Items from a data source
■ ■ ■ ■

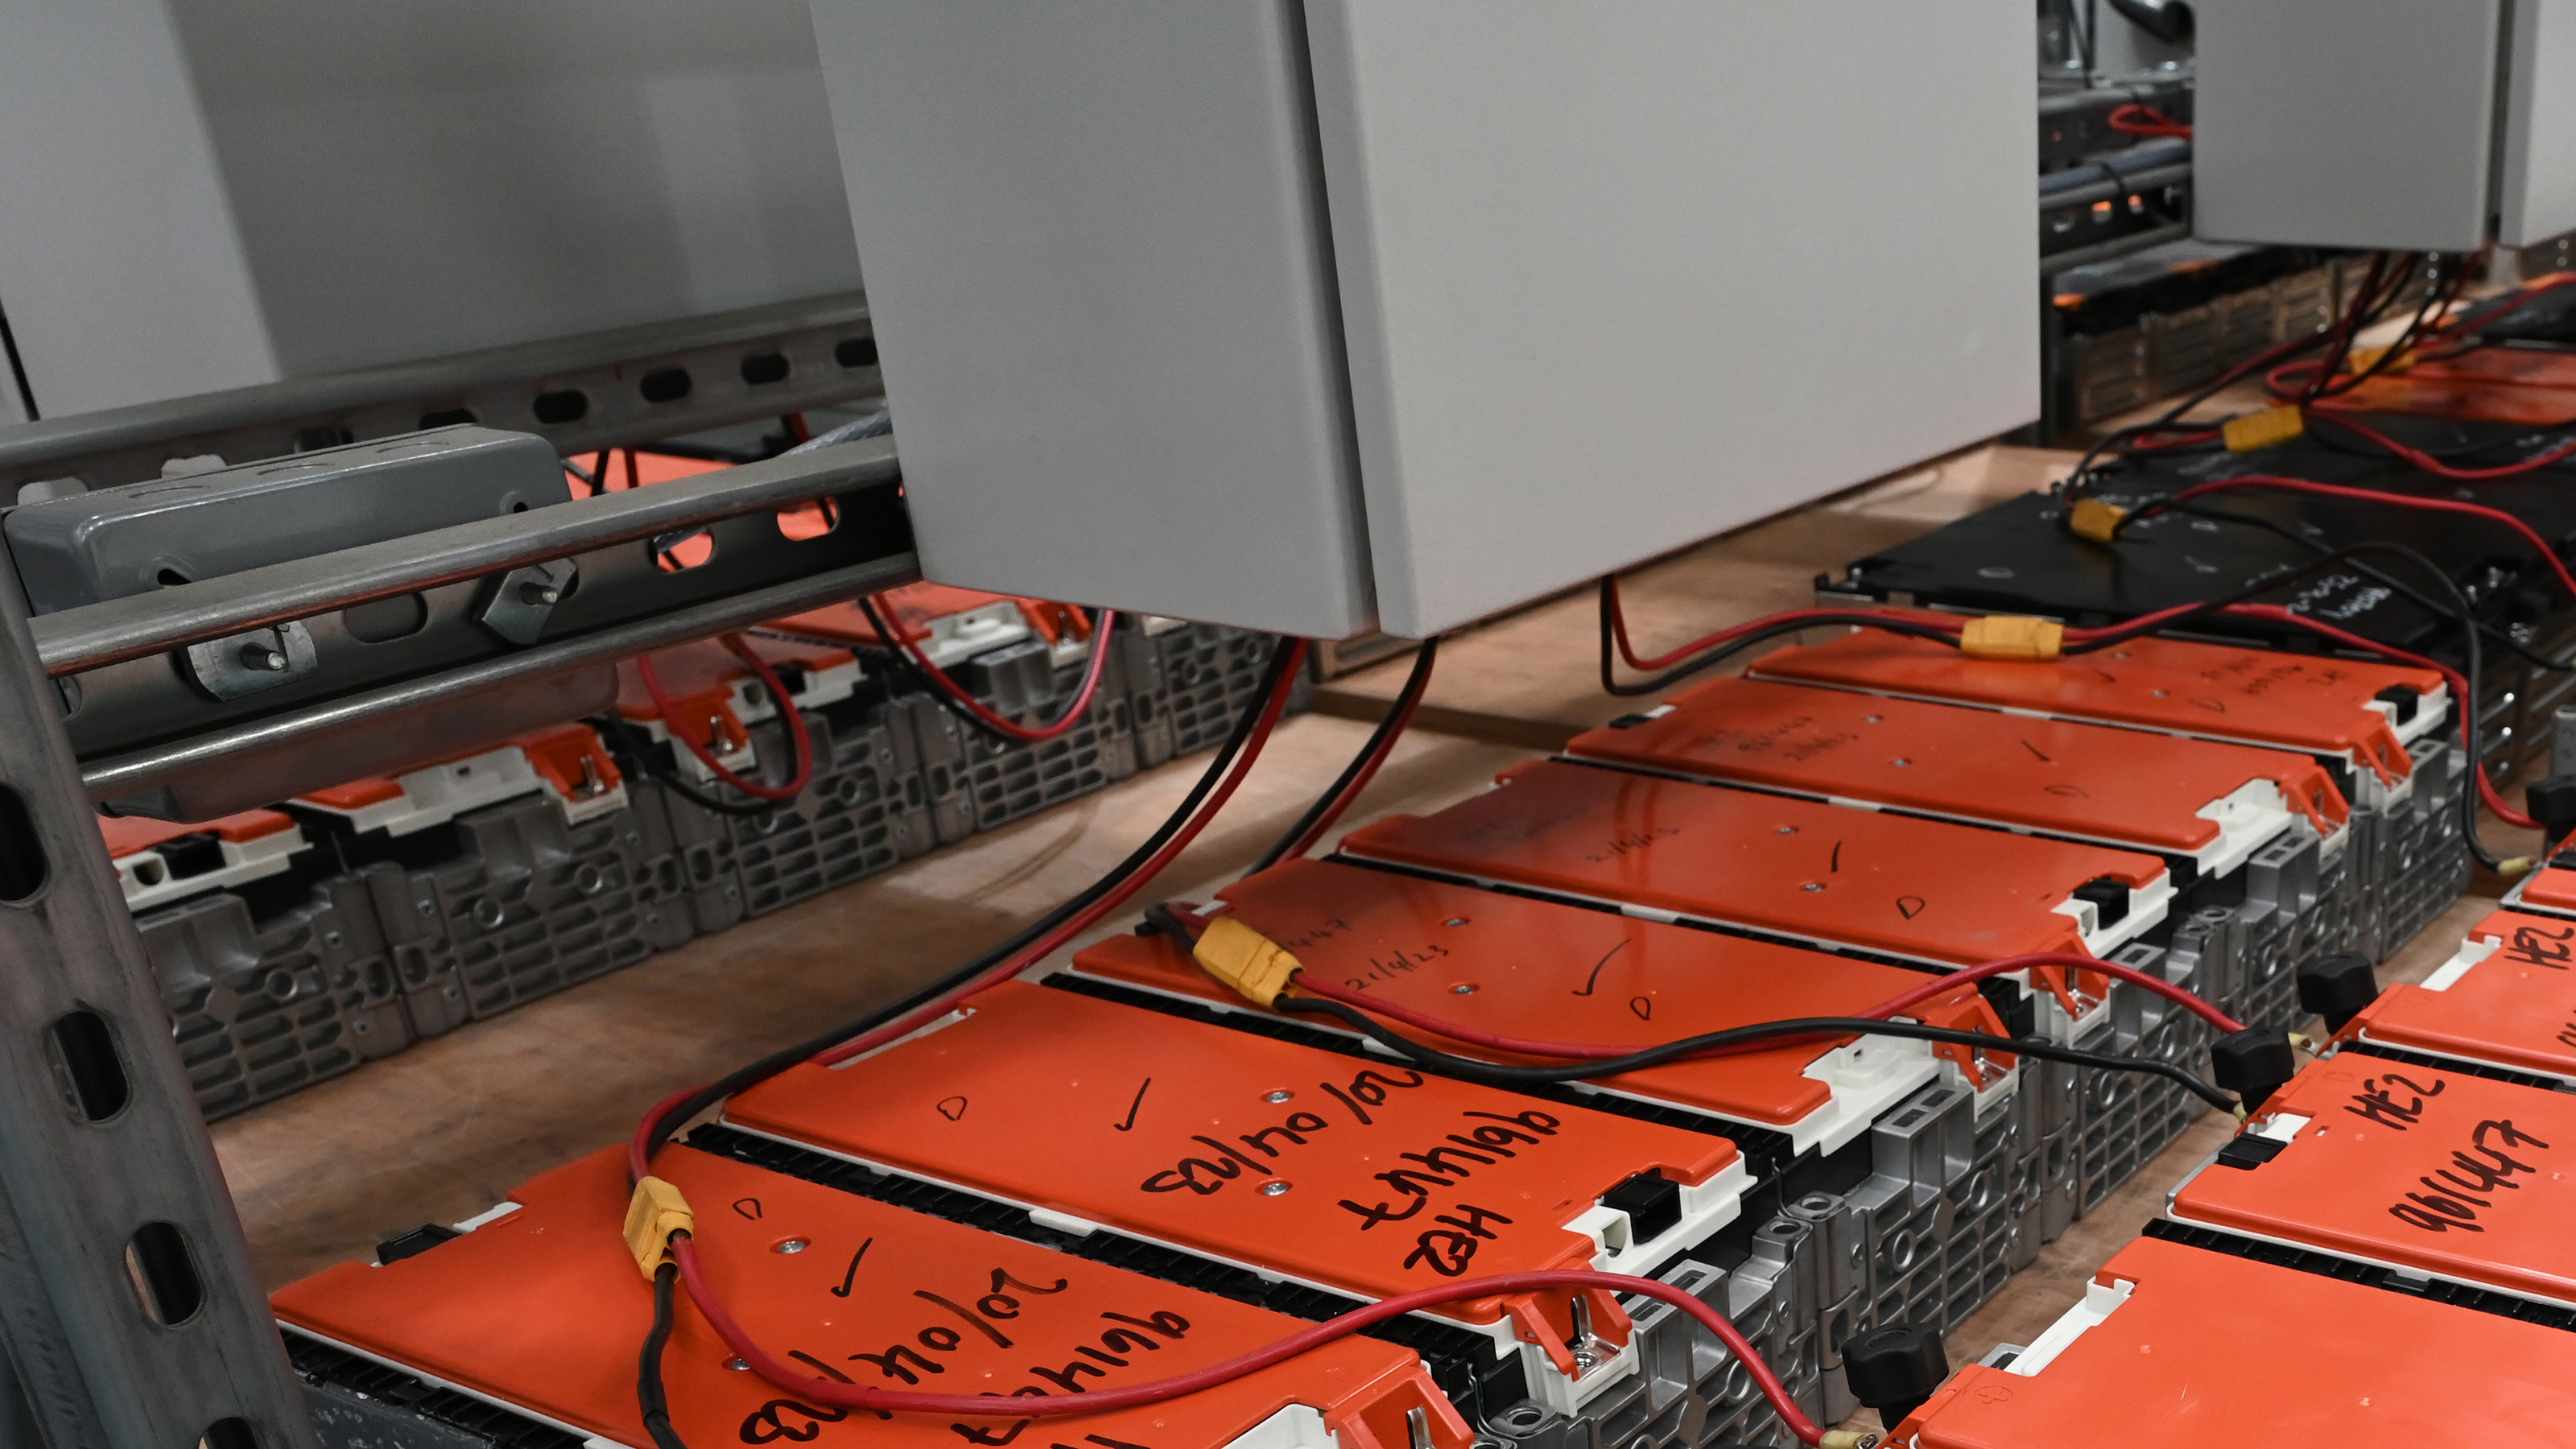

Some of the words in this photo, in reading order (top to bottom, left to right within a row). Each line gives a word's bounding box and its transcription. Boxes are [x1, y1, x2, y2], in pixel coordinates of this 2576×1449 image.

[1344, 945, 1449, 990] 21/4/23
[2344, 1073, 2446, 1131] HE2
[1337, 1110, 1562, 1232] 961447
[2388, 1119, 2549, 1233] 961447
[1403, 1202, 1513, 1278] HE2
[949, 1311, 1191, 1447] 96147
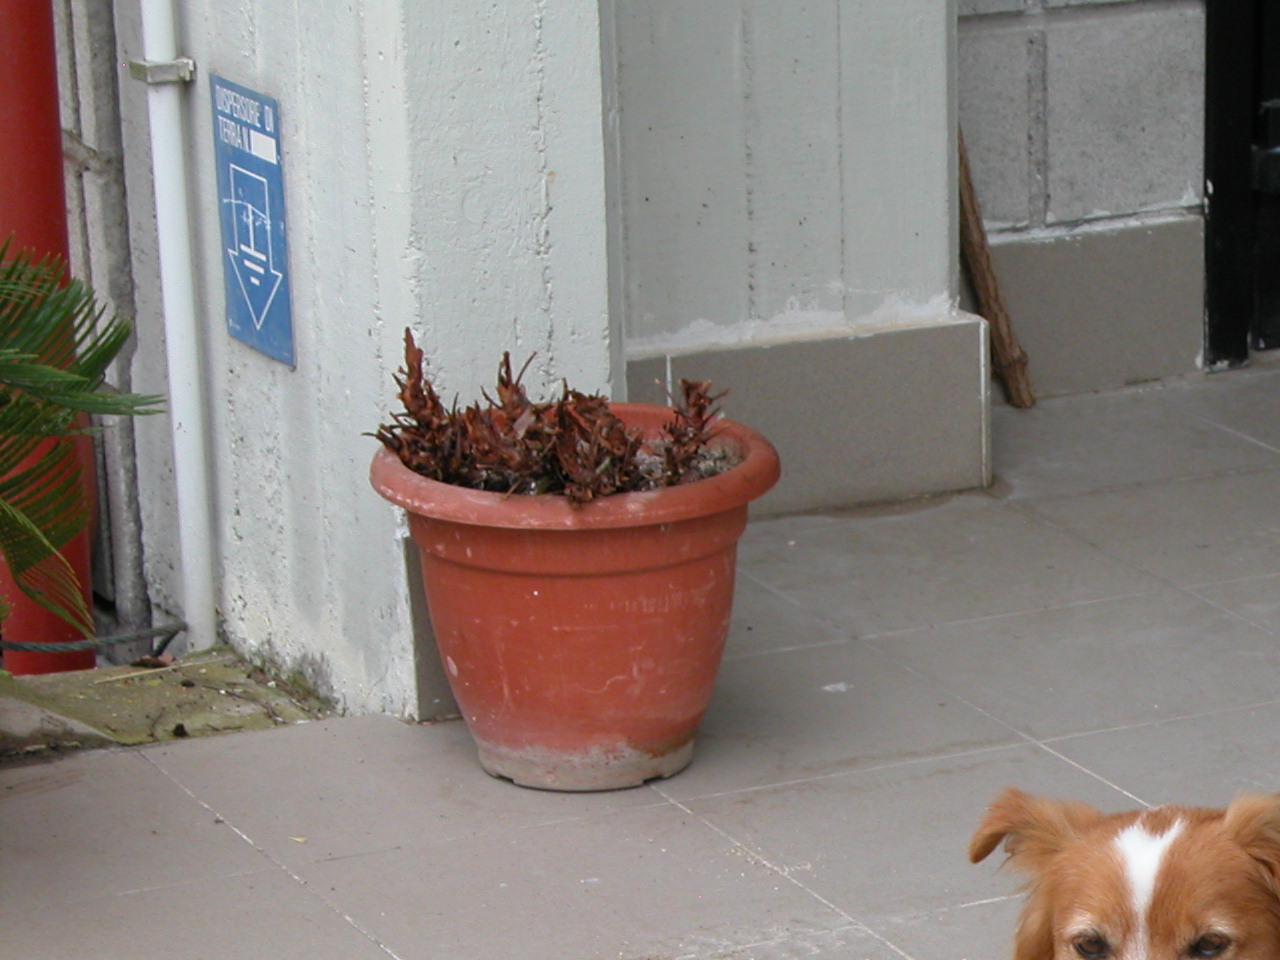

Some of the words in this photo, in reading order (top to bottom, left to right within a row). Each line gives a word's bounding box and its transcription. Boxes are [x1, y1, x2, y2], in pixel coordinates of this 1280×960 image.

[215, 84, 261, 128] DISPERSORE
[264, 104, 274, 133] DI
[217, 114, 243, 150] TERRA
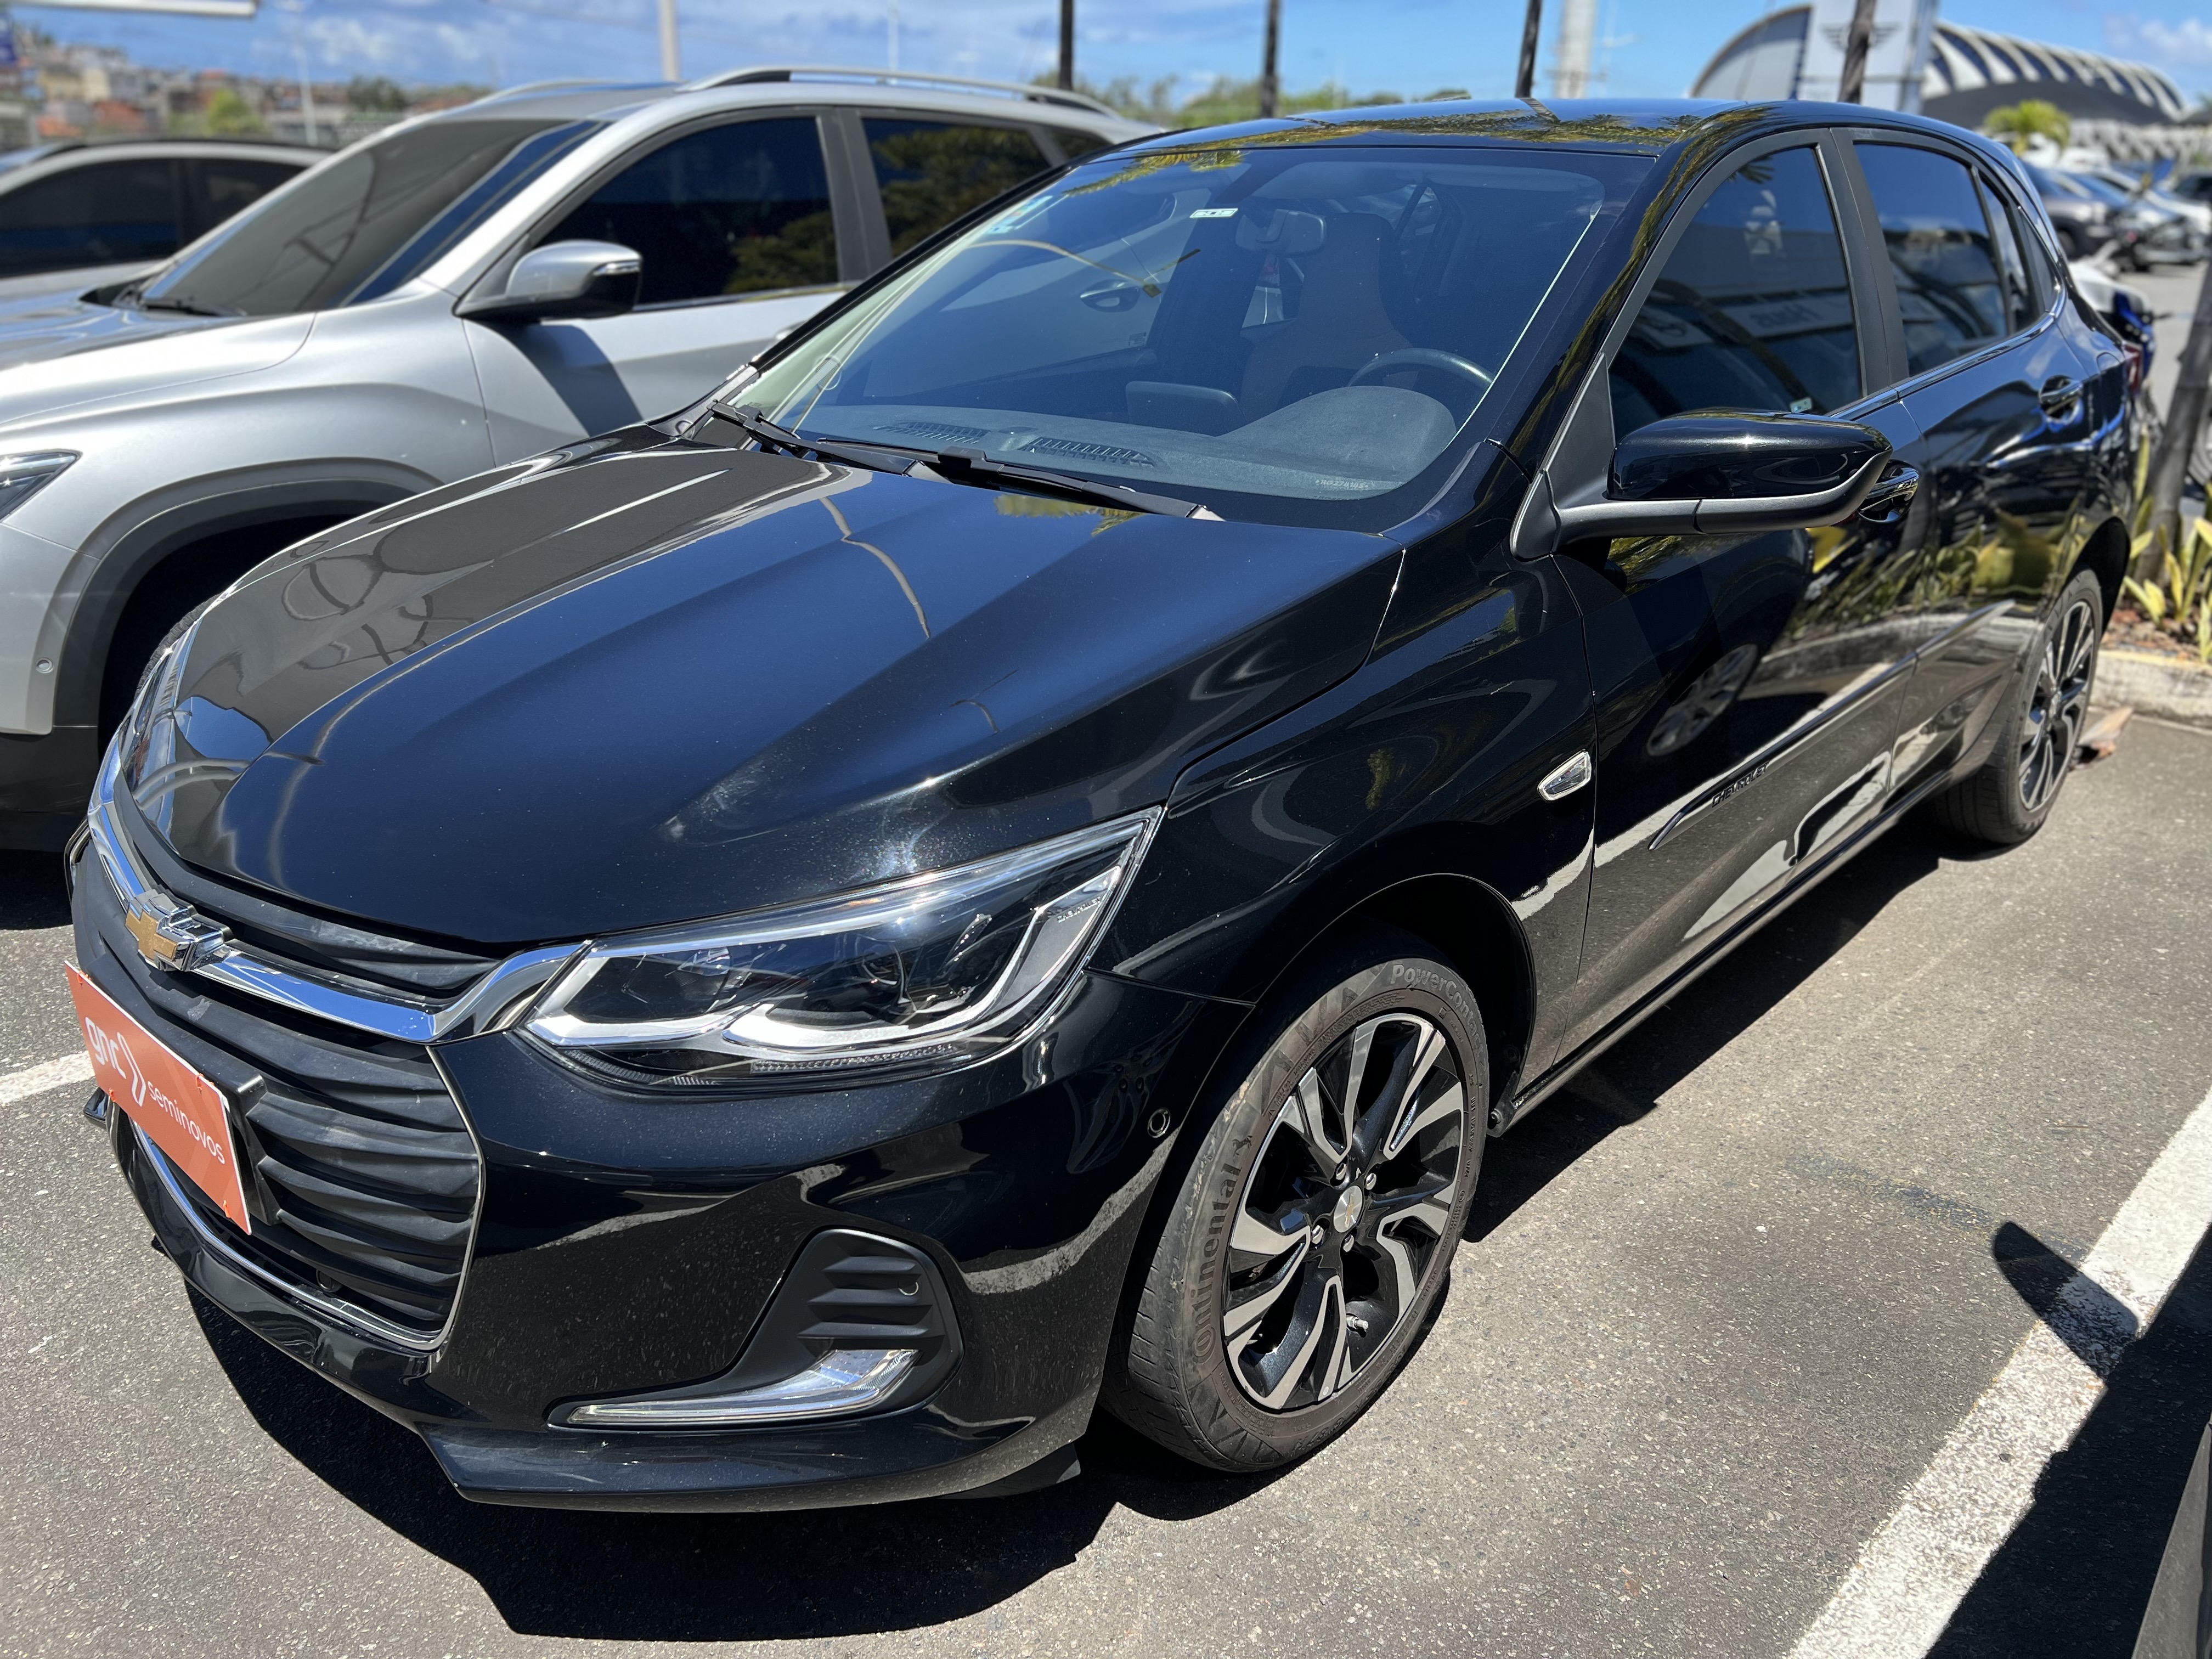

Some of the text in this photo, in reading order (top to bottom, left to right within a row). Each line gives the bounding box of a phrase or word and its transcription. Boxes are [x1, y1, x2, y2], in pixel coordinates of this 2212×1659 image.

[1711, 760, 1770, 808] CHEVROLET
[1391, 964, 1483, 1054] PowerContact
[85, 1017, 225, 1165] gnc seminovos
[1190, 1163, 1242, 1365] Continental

■ ■ ■ ■

WORK TO BE COMPLETED:
All of the entries above should be duplicated exactly, except for the pictures.

WRITTEN SOLUTION:
Some of the words in this photo, in reading order (top to bottom, left to right within a row). Each line gives a word's bounding box and its transcription. Boxes are [x1, y1, x2, y2], in pixel coordinates of this 2576×1449 image.

[1344, 945, 1449, 990] 21/4/23
[2344, 1073, 2446, 1131] HE2
[1337, 1110, 1562, 1232] 961447
[2388, 1119, 2549, 1233] 961447
[1403, 1202, 1513, 1278] HE2
[949, 1311, 1191, 1447] 96147

Some of the words in this photo, in reading order (top to bottom, left to right within a row). Each line gives a word's bounding box and its transcription. Boxes are [x1, y1, x2, y2], in pixel coordinates of this 1280×960 image.

[215, 84, 261, 128] DISPERSORE
[264, 104, 274, 133] DI
[217, 114, 243, 150] TERRA

Some of the text in this photo, in reading order (top to bottom, left to right within a row). Each line gives the bounding box of a phrase or word and its transcription. Boxes are [x1, y1, x2, y2], in pixel coordinates of this 2212×1659 image.

[1711, 760, 1770, 808] CHEVROLET
[1391, 964, 1483, 1054] PowerContact
[85, 1017, 225, 1165] gnc seminovos
[1190, 1163, 1242, 1365] Continental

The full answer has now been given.